Etten-Leur pour cosaques (près de Bréda)

Souviens toi, c’était après un carrefour, un peu avant Etten-Leur, où nous avions décidé de dormir.

Souviens toi, nous nous étions disputés, je crois, ou ça y ressemblait,

Souviens toi, c’était pour une raison qui n’en était pas une, ou petite, ou que nous avons oubliée, immédiatement, mais c’était rupture, besoin d’éloignement, immédiat.

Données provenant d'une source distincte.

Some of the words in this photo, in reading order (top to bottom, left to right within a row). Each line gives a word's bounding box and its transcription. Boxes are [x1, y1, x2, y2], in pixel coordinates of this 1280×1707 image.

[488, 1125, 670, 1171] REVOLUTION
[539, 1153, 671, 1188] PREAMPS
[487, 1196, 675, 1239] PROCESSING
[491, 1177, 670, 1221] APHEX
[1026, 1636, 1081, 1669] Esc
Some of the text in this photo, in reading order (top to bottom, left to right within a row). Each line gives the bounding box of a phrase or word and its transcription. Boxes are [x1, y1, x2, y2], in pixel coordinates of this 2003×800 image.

Souviens toi, c’était sans doute le point culminant, venu insensiblement, d’une lente accumulation de petits faits, une lassitude, une sottise…

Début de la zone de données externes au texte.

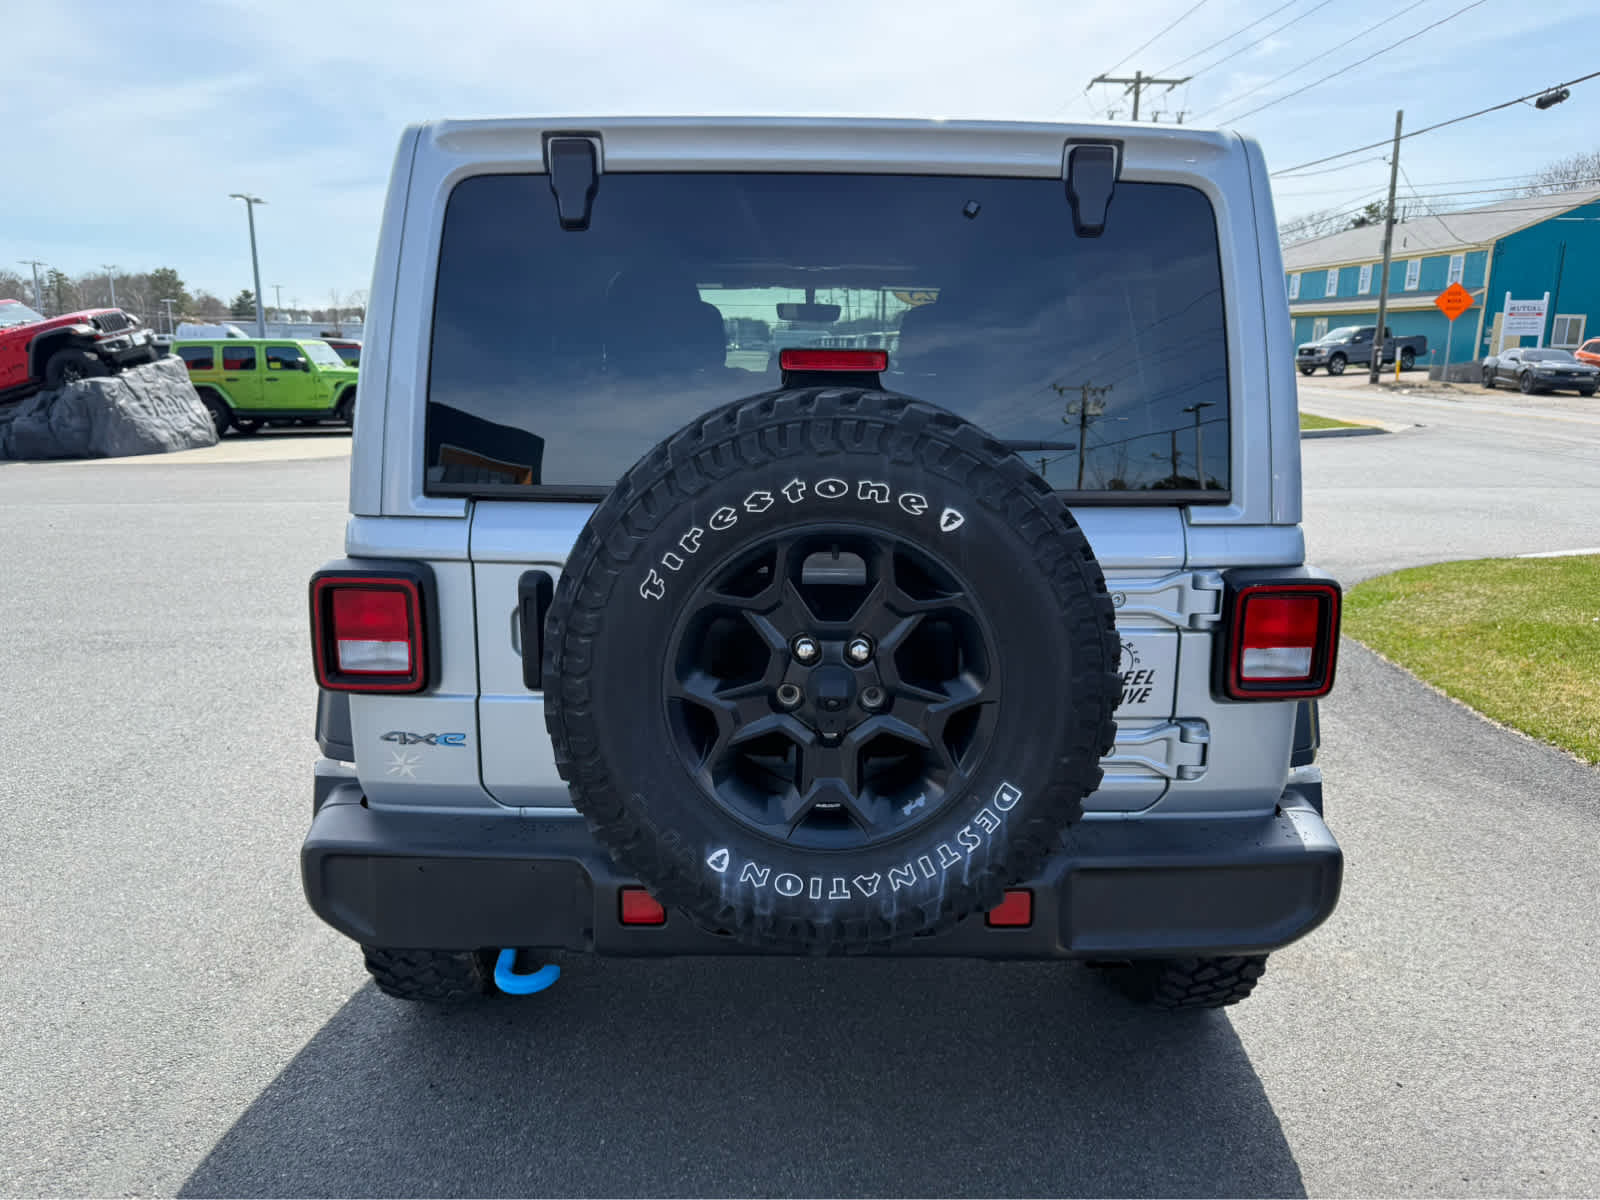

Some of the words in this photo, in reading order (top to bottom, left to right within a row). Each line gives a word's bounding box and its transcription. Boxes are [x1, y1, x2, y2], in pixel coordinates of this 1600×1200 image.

[640, 478, 928, 600] Firestone
[1120, 687, 1153, 705] IVE
[1121, 669, 1155, 686] EEL
[740, 782, 1022, 900] DESTINATION

Quoi qu’il en soit je t’ai dit arrête toi, souviens toi j’ai ouvert la porte, souviens toi tu m’as dit je te rappelle que nous sommes à l’hôtel X, souviens toi j’ai claqué la porte et, mais ça tu ne le sais pas, ma rage idiote s’est évanouie dans mon geste.

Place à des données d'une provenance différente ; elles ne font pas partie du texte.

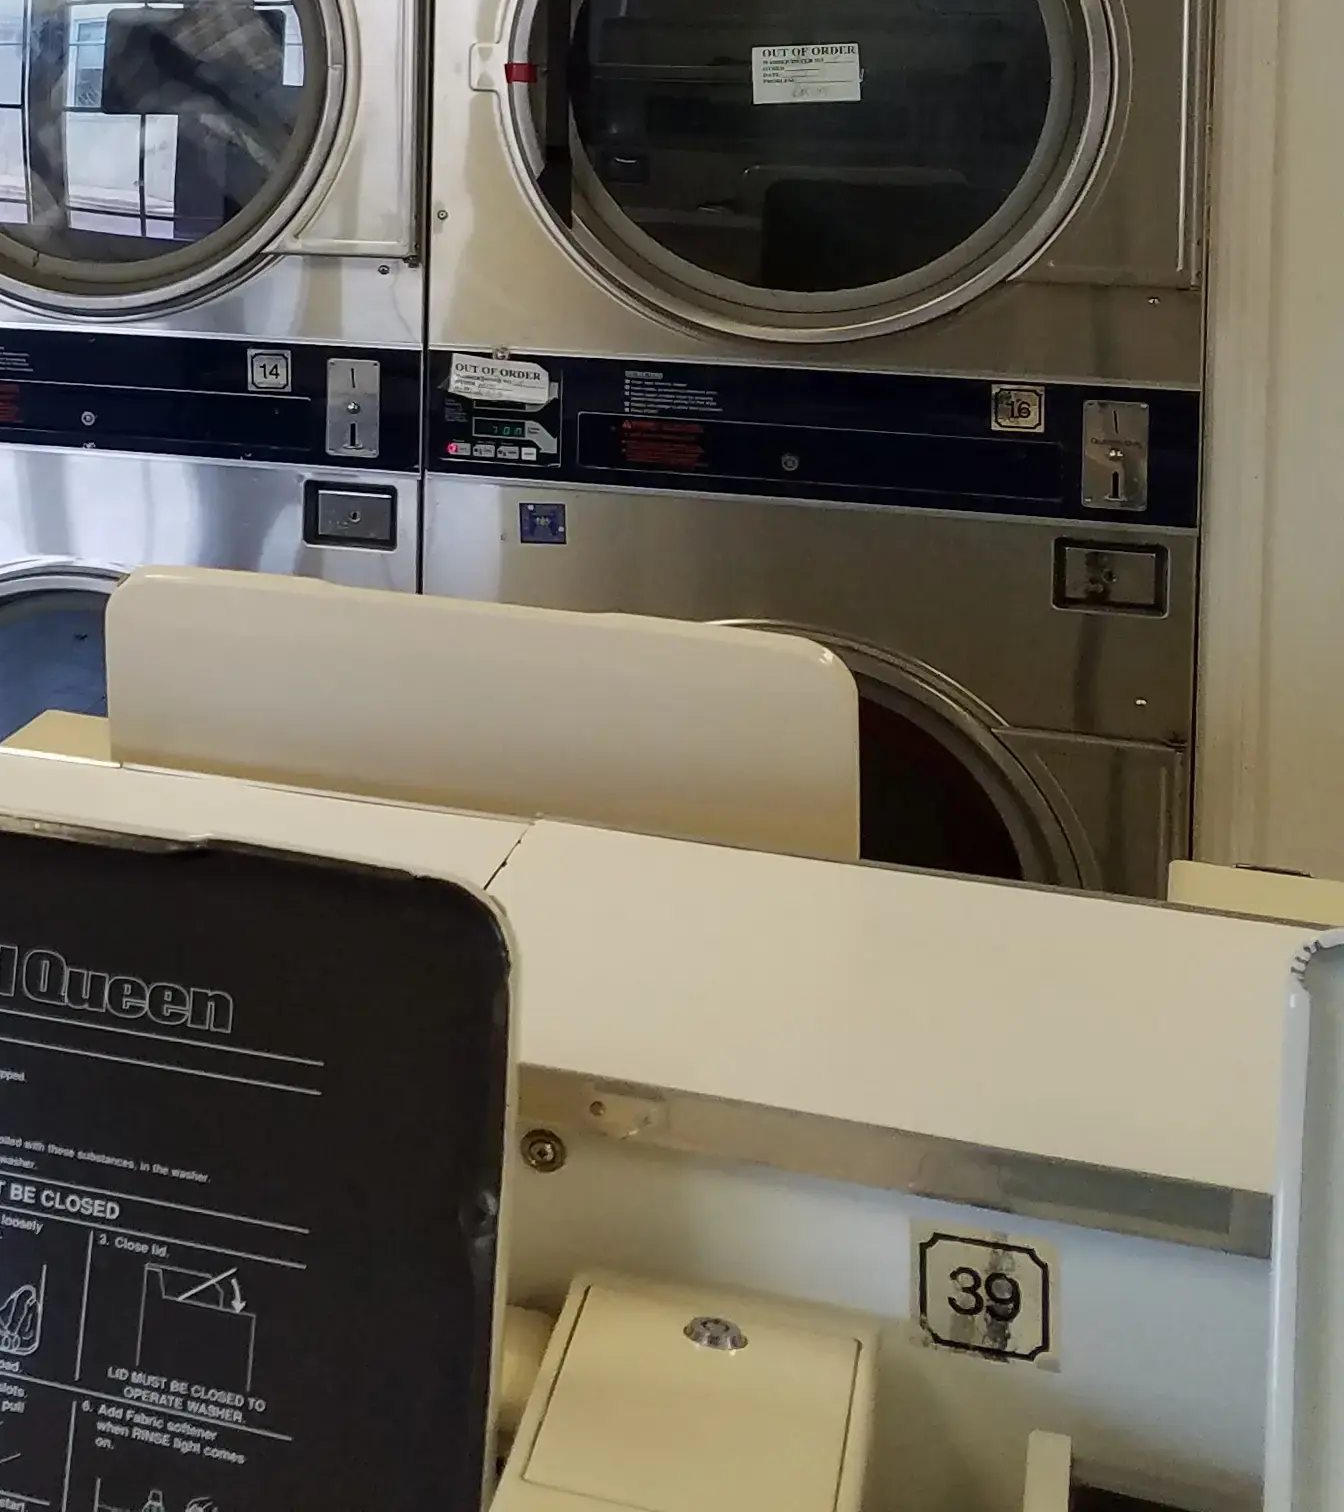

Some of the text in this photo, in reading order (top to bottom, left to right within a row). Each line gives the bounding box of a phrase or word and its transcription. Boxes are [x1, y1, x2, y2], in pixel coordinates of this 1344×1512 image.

[762, 46, 855, 58] OUT OF ORDER
[258, 363, 280, 380] 14
[455, 363, 541, 380] OUT OF ORDER
[1005, 401, 1031, 420] 16
[23, 950, 232, 1033] Queen
[10, 1187, 36, 1204] BE
[40, 1189, 121, 1220] CLOSED
[948, 1267, 1021, 1322] 39
[107, 1367, 266, 1412] LID MUST BE CLOSED TO
[124, 1387, 246, 1423] OPERATE WASHER.
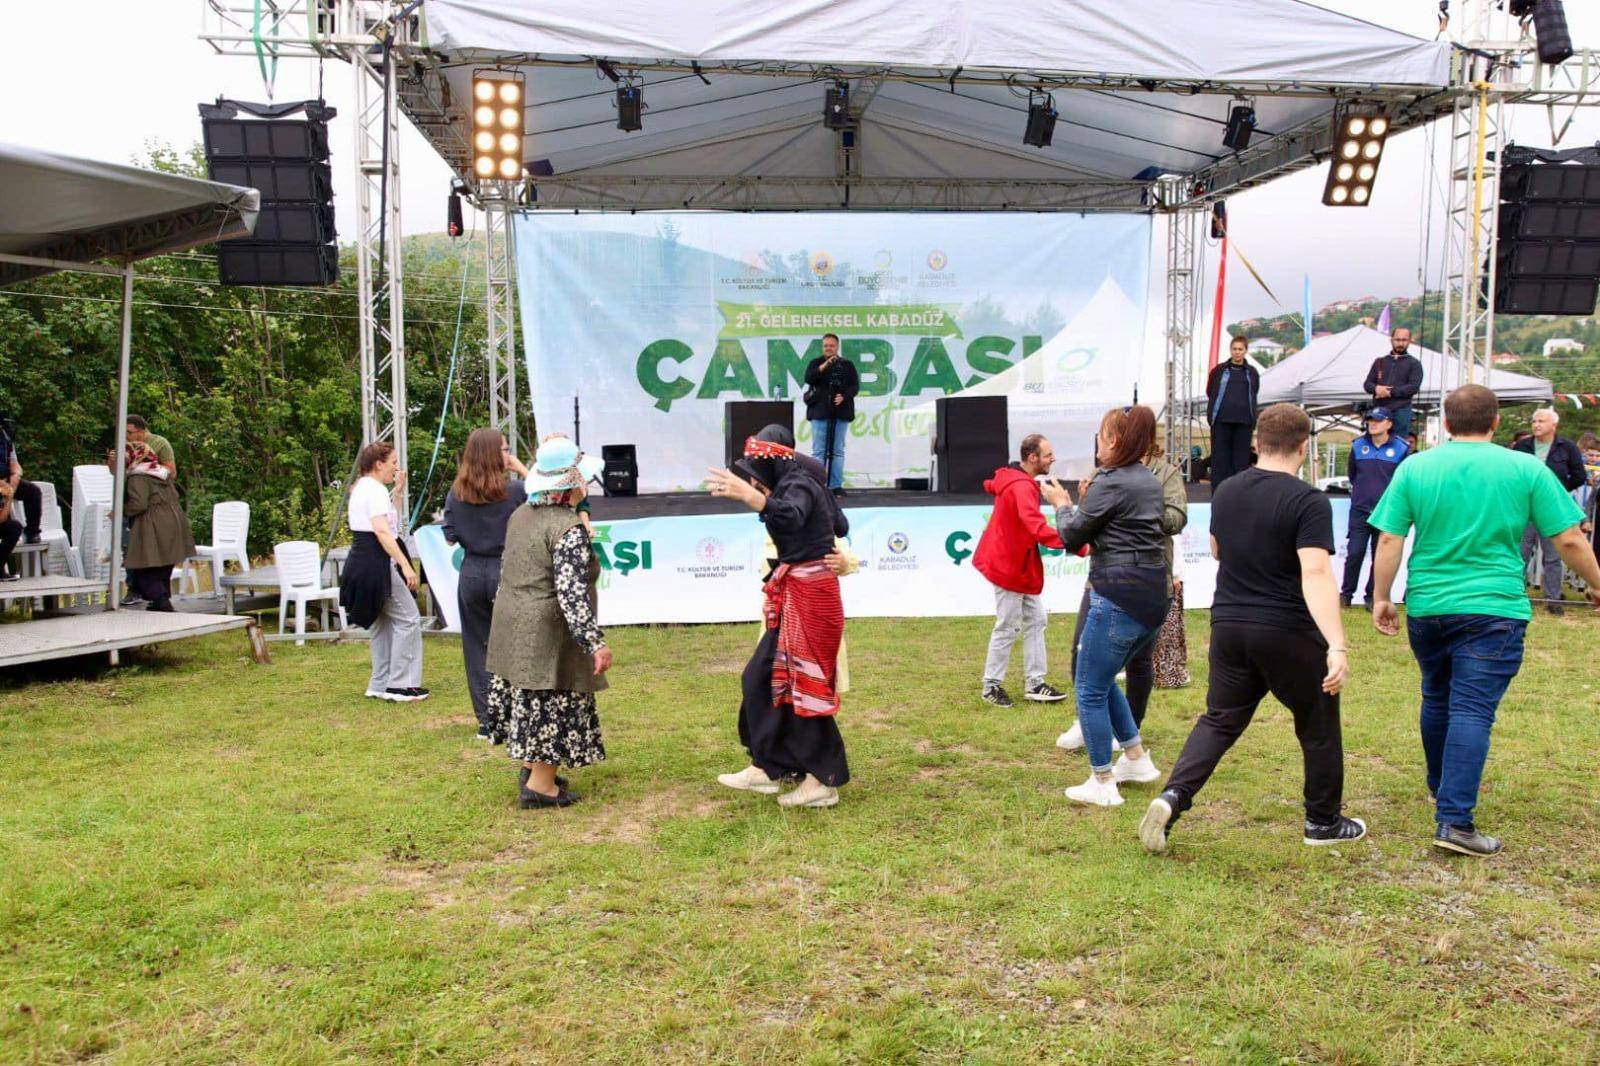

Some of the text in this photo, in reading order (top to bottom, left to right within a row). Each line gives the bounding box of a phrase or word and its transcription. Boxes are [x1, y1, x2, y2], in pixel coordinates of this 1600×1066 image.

Souviens toi, tu as démarré,

Et je suis resté là au bord de l’étang, un peu perdue, la colère glissant lentement hors de moi.

J’ai senti la bruine si fine que ne l’avais pas vue, j’ai frissonné un peu, j’ai regardé autour de moi.

J’ai vu la jolie forme du petit étang – sa courbe faite pour m’accueillir.

J’ai vu la tendresse des teintes, de ce vert humide, de son mariage au gris du ciel dans le miroitement de l’eau – les taches d’ocre et de roux de l’automne naissant.

Et puis j’ai vu les parapluies, bien ronds, bien posés, petits mondes séparés sans être isolés, et les hommes assis dans leur abri, entre rêve et attention rivée au fil plongeant dans l’argent que les gouttes de la pluie trouaient.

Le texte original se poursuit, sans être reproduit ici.